Task details: Reproduce the data that follows character for character, but omit its pictures.

Provided records:

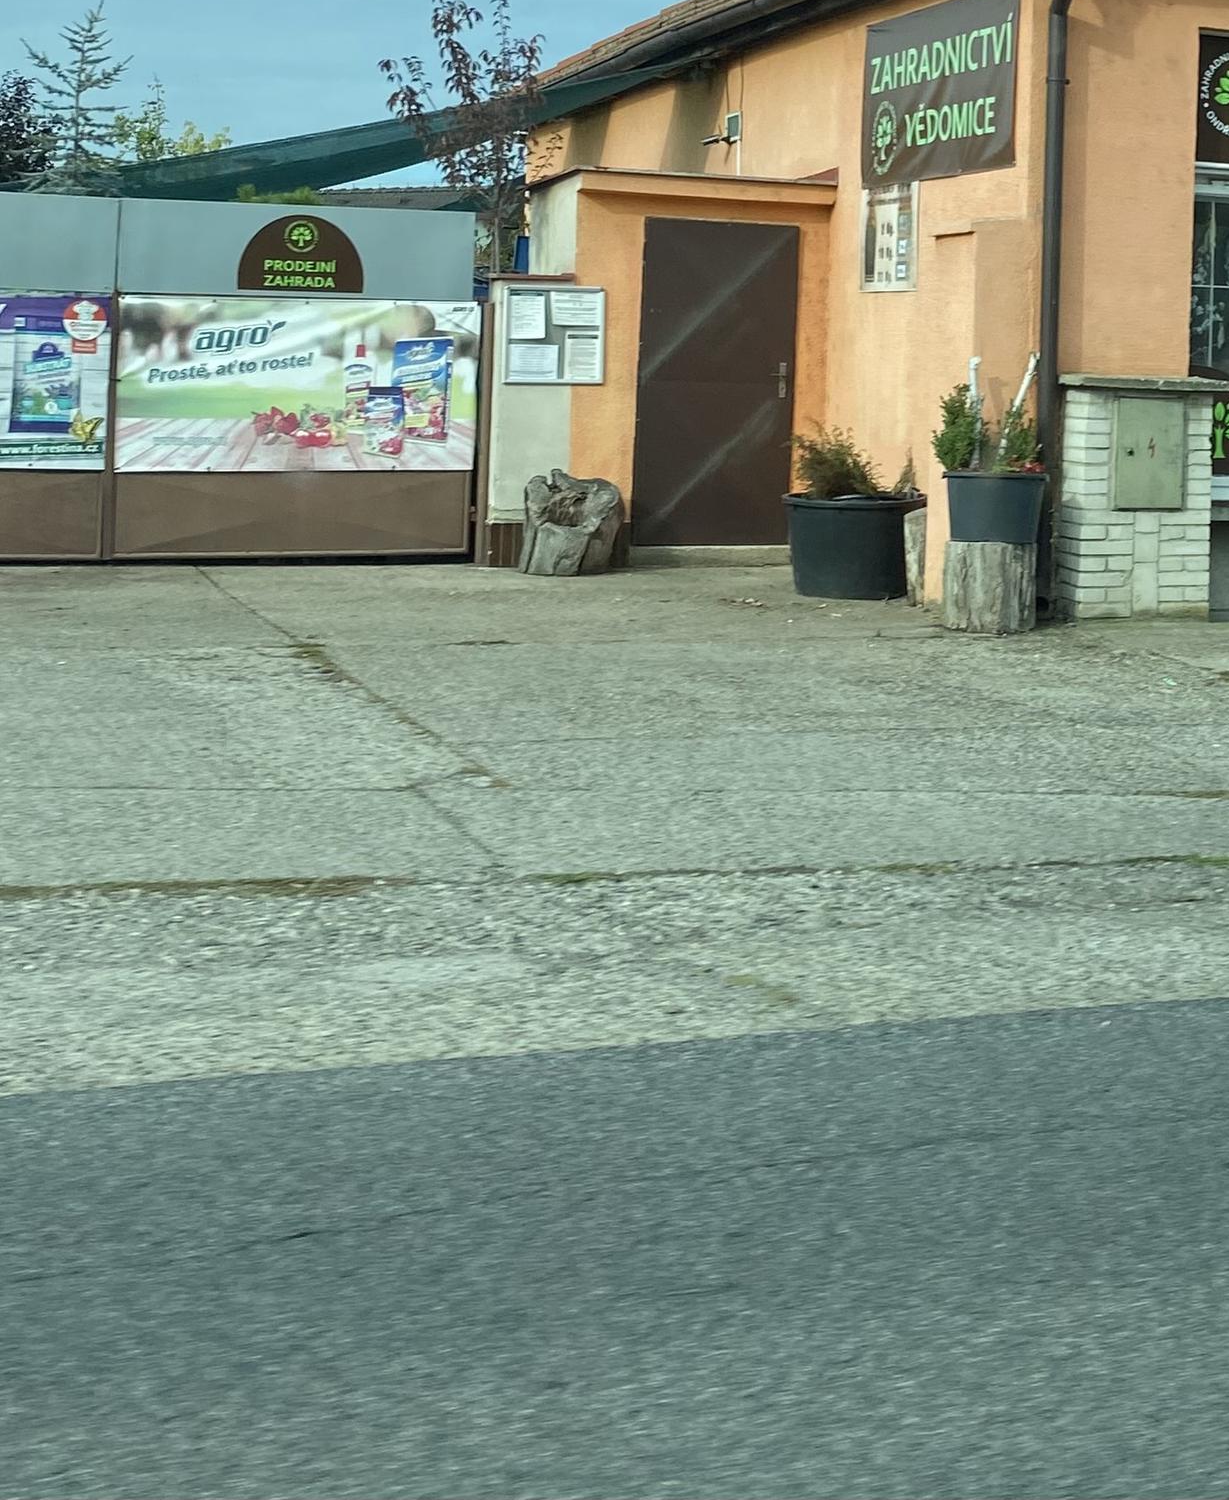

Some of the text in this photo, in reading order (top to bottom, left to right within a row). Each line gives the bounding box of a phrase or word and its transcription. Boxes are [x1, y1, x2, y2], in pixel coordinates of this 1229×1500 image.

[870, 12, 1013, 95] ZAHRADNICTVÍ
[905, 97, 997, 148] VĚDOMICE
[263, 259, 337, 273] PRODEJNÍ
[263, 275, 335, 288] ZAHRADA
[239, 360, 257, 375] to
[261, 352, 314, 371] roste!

Task answer:
Some of the text in this photo, in reading order (top to bottom, left to right within a row). Each line gives the bounding box of a phrase or word and its transcription. Boxes are [x1, y1, x2, y2], in pixel coordinates of this 1229×1500 image.

[870, 12, 1013, 95] ZAHRADNICTVÍ
[905, 97, 997, 148] VĚDOMICE
[263, 259, 337, 273] PRODEJNÍ
[263, 275, 335, 288] ZAHRADA
[239, 360, 257, 375] to
[261, 352, 314, 371] roste!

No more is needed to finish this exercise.